Tuesday, April 18, 2006

Eat the Damn Apple!

My tolerance for Churchianity continues to wane. My church, I fear, has become an institution more concerned with its own continued existence rather than follow the mission that bore its creation. Centuries of order, rules, and standards set to most effieciently do God's work have been perverted into a cumbersome system that has lost its way. Rules are to be obeyed, even when unjust, over the extraordinary circumstances that the call of the Holy Spirit calls just. The words of Jesus the Son are lost in the cacophony of theological psychobabble of the "church leaders". What is simple is made complex. What was straightforward in the Gospels is bent and twisted to accomodate the wills of men over the ages. Just War. Love with conditions. Exclusivity in God's Kingdom. Fractured denomiations out of communion when all of them bless the bread and wine in God's name. How is it we humans can make such work out of something practically given to us?

God has given us an apple to spiritually nourish us, and instead of eating it we investigate it for worms, guess it's size, its species, even run DNA tests so we can determine what tree the apple came from. And while we meet and confer in commitee and "take it all in", that apple rots before our very eyes.

Why can't we just eat the damn apple?!

After attending a Vestry meeting today we talked about meeting with our bishop. This is something I dread because I can't think of anything he can do or say that will make me feel much differently about him. Some think I hate him, yet I don't. I just see him as another person. His position as bishop doesn't mean anything to the Baptist in me. Just another fancy title. I fear the problem is that he sees his title as important. That somehow in the grand cosmic scale of things this makes what he says and believes more important in an antiquated patriarchal way. Not that there aren't great spiritual leaders in the world. He just isn't one of them. Anymore, this bishops seems more to represent the CEO of subsidiary nonprofit than the role of a Shepherd for God. Maybe it's because that in this day and age his position is spread so thin that it takes a bishop 2-3 years to visit each church in their diocese, that their jobs are less and less to be shepherds than it is to shuffle paperwork, make "clerical" decisions for the doicese and the other type of day-to-day operations you'd expect more from a business than a church.
I haven't had the chance yet to sit with him face to face, so I don't know if I'm angry with him or with the system in which he is so ingrained.

Some on the vestry told me I should learn to live with it, that this is the way things are. I can't help but believe that we should never be satisfied with how they are and should demand change in the direction towards God. While we squabble on who can and cannot bless the bread and wine, who can and cannot become bishops, or the injustice and twisted theology of Churchianity, I, as R+ once put, fell my inner prophet.

That led me to turn to Isaiah, one of the big prophets. I wanted to read what he was saying.
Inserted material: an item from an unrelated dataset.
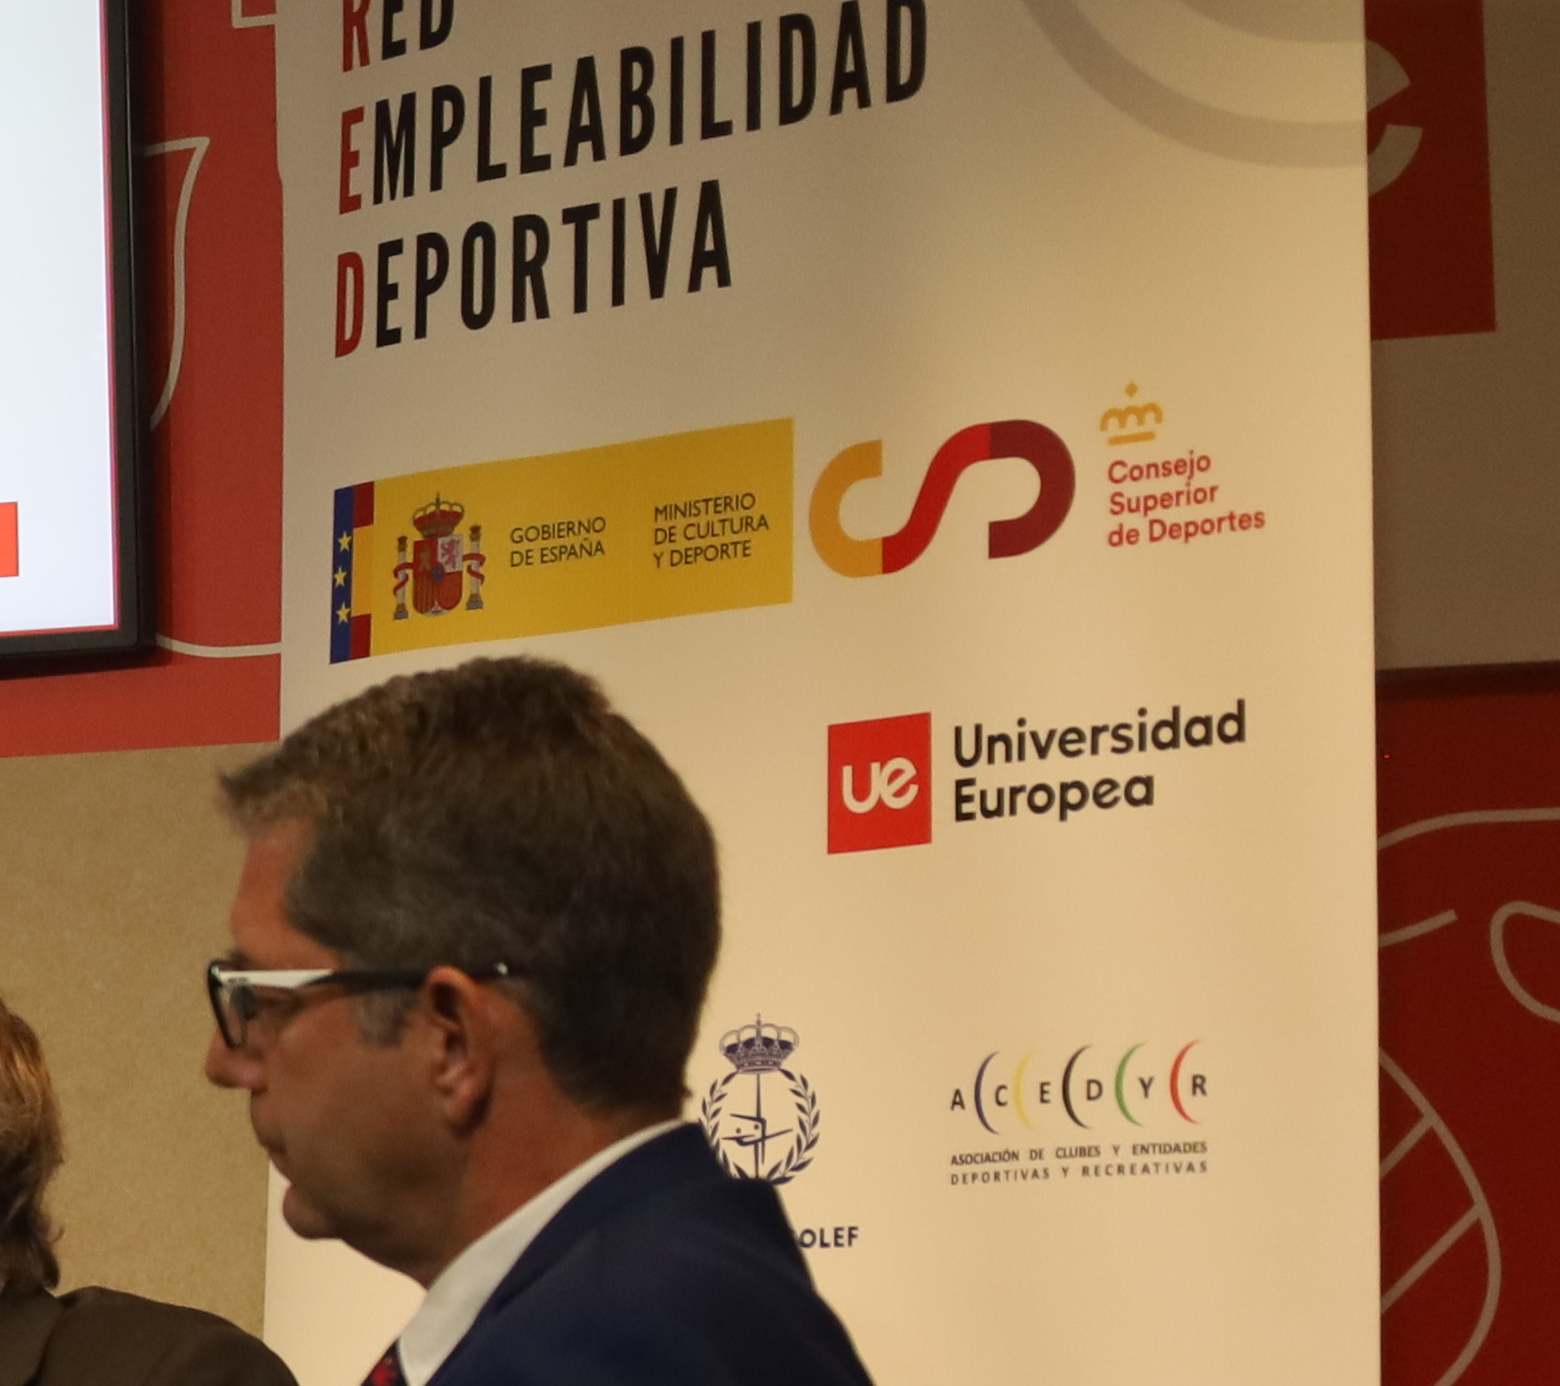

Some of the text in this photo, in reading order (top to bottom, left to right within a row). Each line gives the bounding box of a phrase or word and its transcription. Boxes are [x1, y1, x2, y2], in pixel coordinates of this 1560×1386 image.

I started at the beginning, and this passage just seems to resonate with me right now.

Isaiah 1 (from The Message//Remix)

11"Why this frenzy of sacrifices?"

GOD's asking.

"Don't you think I've had my fill of burnt sacrifices,

rams and plump grain-fed calves?

Don't you think I've had my fill

of blood from bulls, lambs, and goats?

12When you come before me,

who ever gave you the idea of acting like this,

Running here and there, doing this and that--

all this sheer commotion in the place provided for worship?
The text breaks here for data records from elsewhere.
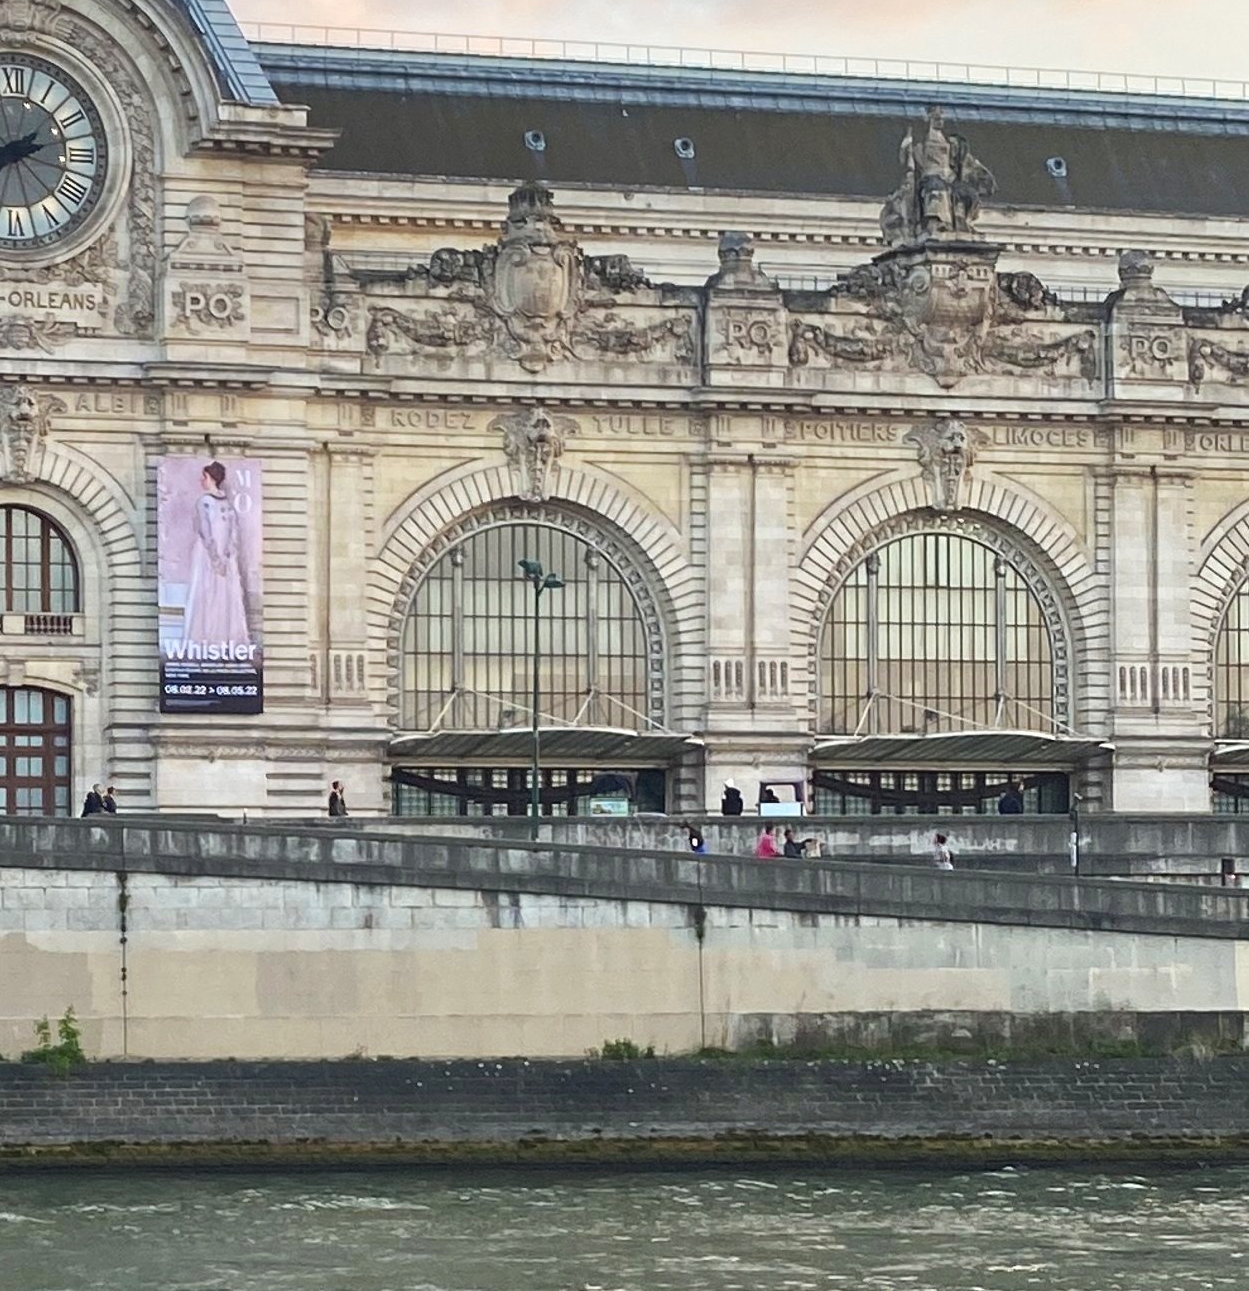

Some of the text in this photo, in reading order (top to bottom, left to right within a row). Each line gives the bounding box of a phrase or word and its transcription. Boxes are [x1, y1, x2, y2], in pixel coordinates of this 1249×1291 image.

[1, 67, 25, 95] XII
[40, 80, 56, 105] I
[59, 109, 86, 130] II
[69, 147, 95, 166] III
[56, 175, 88, 207] IIII
[6, 209, 25, 237] VI
[41, 204, 60, 227] V
[184, 291, 233, 320] PO
[729, 320, 771, 346] PO
[1130, 336, 1171, 360] PO
[75, 393, 137, 414] ALBI
[391, 409, 477, 430] RODEZ
[591, 415, 674, 435] TULLE
[799, 420, 897, 442] POITIERS
[163, 639, 258, 661] Whistler
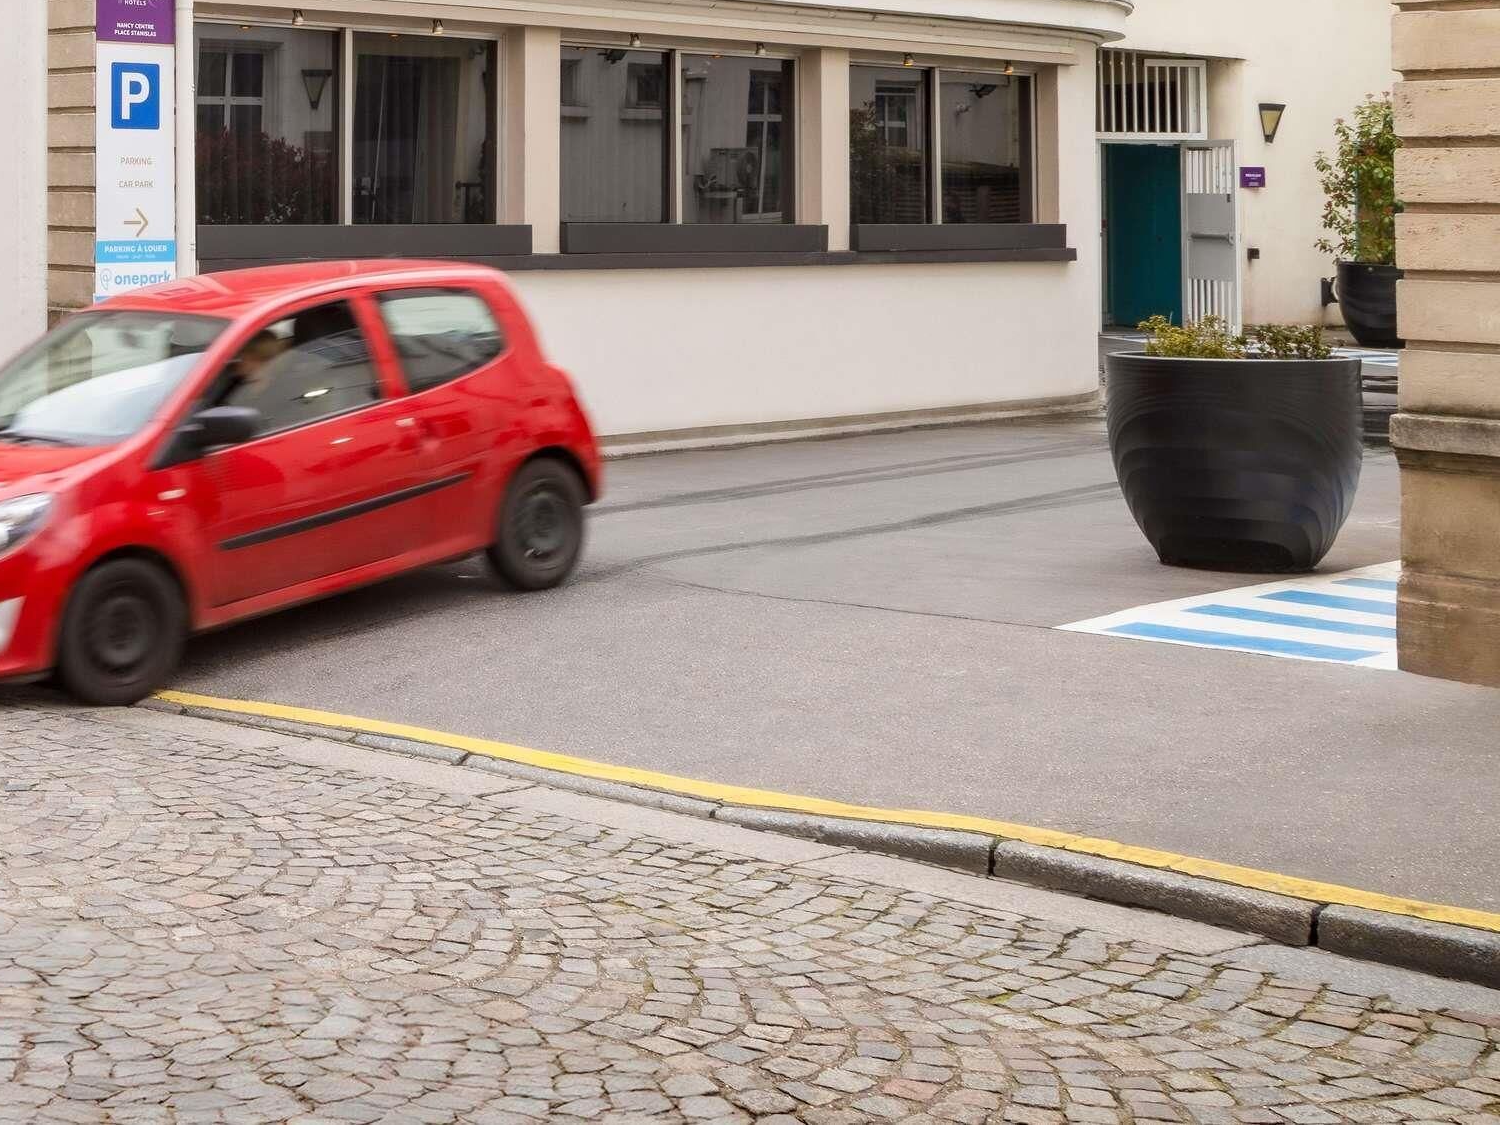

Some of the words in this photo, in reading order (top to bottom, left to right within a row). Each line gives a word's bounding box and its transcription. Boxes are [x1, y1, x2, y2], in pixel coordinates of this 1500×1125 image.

[121, 71, 150, 120] P
[120, 157, 152, 166] PARKING
[118, 180, 133, 188] CAR
[134, 180, 154, 188] PARK
[114, 270, 171, 286] onepark
13"Quit your worship charades.

I can't stand your trivial religious games:

Monthly conferences, weekly Sabbaths, special meetings--

meetings, meetings, meetings--I can't stand one more!

14Meetings for this, meetings for that. I hate them!

You've worn me out!

I'm sick of your religion, religion, religion,

while you go right on sinning.

15When you put on your next prayer-performance,

I'll be looking the other way.

No matter how long or loud or often you pray,

I'll not be listening.

And do you know why? Because you've been tearing

people to pieces, and your hands are bloody.



Are we just going through the motions of playing 'church'? Saying the right words at the right times like that somehow makes a difference? Perpetuating an institution for the sake of perpetuating the institution? More concerned about the houses men built than for God's house until we can't tell which is which? While I can see the institution's shortcomings, what about my own? At least those I can control. Still, I want my church to become something better. Likewise, I hope that I will become better myself, because I'd be a liar if I said I'm not the same.

I think I need to take another bite of that apple.